- Born: Peter Dicken 1938 (age 87–88) England
- Education: MA (Manchester), PhD (Uppsala), AcSS.
- Occupation: Emeritus Professor
- Known for: Academic Research into Globalisation

= Peter Dicken =

English economic geographer (born 1938)

Peter Dicken (born 1938) is an English economic geographer whose research focuses on processes and patterns in globalisation. He joined the University of Manchester in 1966 after completing an MA there. He is currently an emeritus professor at the same university, to which he has dedicated his academic life, continuing research on global patterns of business and globalisation. His self-described area is "the changing multi-scalar geographies of the global economy and on the structures and dynamics of global production networks, particularly the relationships between transnational corporations and states".

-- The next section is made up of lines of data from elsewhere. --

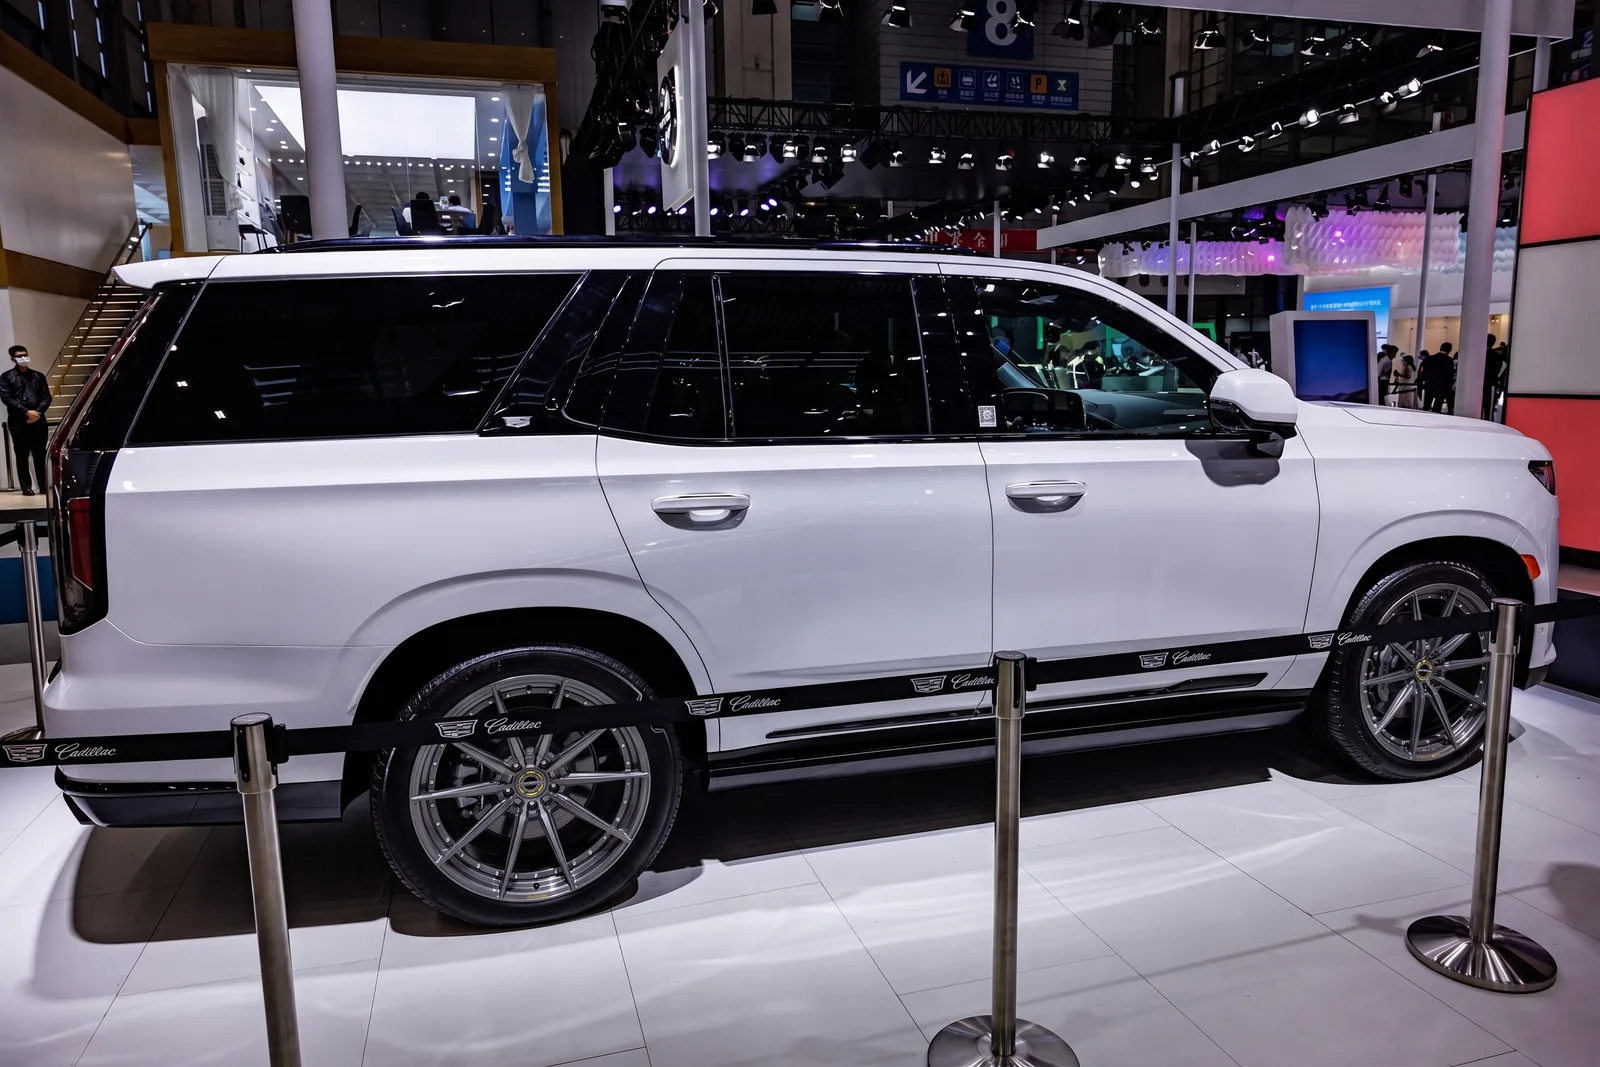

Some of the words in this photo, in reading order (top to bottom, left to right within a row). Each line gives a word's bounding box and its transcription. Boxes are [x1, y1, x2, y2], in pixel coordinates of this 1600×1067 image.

[985, 0, 1017, 46] 8
[1035, 77, 1042, 91] P
[1337, 632, 1372, 646] Cadillac
[1172, 650, 1212, 666] Cadillac
[729, 694, 781, 712] Cadillac
[484, 717, 542, 735] Cadillac
[54, 742, 116, 760] Cadillac

In the Spring of 1999, Dicken was a Fellow at the Swedish Collegium for Advanced Study in Uppsala, Sweden.

==Career==
Throughout his career Peter Dicken has been involved in the following positions:
- Academic at the University of Manchester (1966–present)
- Visiting academic professorships from universities in North America, Europe, Australia and East Asia
- Co-director of European Science Foundation – ‘Scientific Programme on Regional and Urban Restructuring in Europe’ (1989–1994)
- Consultant advisor to the UNCTAD commission on transnational corporations (1993–1994)
- Editorial positions on international journal boards
- Former managing editor of progress in human geography

Dicken's research areas have involved:
- Global economic geographies of change
- Trans-national corporation's impacts within the world economy
- Economic development in East Asia – exploring business networks and production chains
- Global economic change in different economic scales – involving global to local

==Awards==
Dicken was awarded a personal chair in 1988, recognising the professor status of his achievements and research in economic geographies.

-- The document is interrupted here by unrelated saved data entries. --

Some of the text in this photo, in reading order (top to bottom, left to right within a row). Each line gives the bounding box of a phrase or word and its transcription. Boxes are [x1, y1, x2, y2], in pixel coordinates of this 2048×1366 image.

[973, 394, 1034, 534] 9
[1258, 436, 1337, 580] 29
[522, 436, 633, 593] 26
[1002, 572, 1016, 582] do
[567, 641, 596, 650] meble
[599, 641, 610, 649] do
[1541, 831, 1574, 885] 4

He was awarded the Victoria Medal of the Royal Geographical Society with the Institute of British Geographers in 2001 for "advancing research on globalization and economic geography". He received an honorary doctorate from the University of Uppsala, Sweden, in 2002. He was also awarded the Centenary Medal of the Royal Scottish Geographical Society in 2007 for "distinguished contributions to the study of the geographies of the global economy".

==Contribution and legacy==
Peter Dicken's Global Shift, his most widely cited work, has sold tens of thousands of copies over the last 30 years. He has been called "one of the most influential economic geographers in the discipline over the last 30 years". His uncontroversial approach to his research is one reason his works remain so popular within the discipline. He was among the first to point to the significance of TNCs, providing detailed analysis of their role in the world economy as a barometer for global economic change.

Dicken provided a greater understanding of chains and network structures, in particular by understanding the role, locational behaviour and organisation of Japanese capital and firms in Western economies. His work on the economic restructuring of Japanese firms regarding the Just-In-Time production process is widely cited. Through his work, he was able to explain global economic change in relation to global-local dialect.

==Key publications==
- "Location in Space: a Theoretical Approach to Economic Geography", with Peter E. Lloyd, 1972 (3 editions)
- "Global Shift", 1986 (7 Editions)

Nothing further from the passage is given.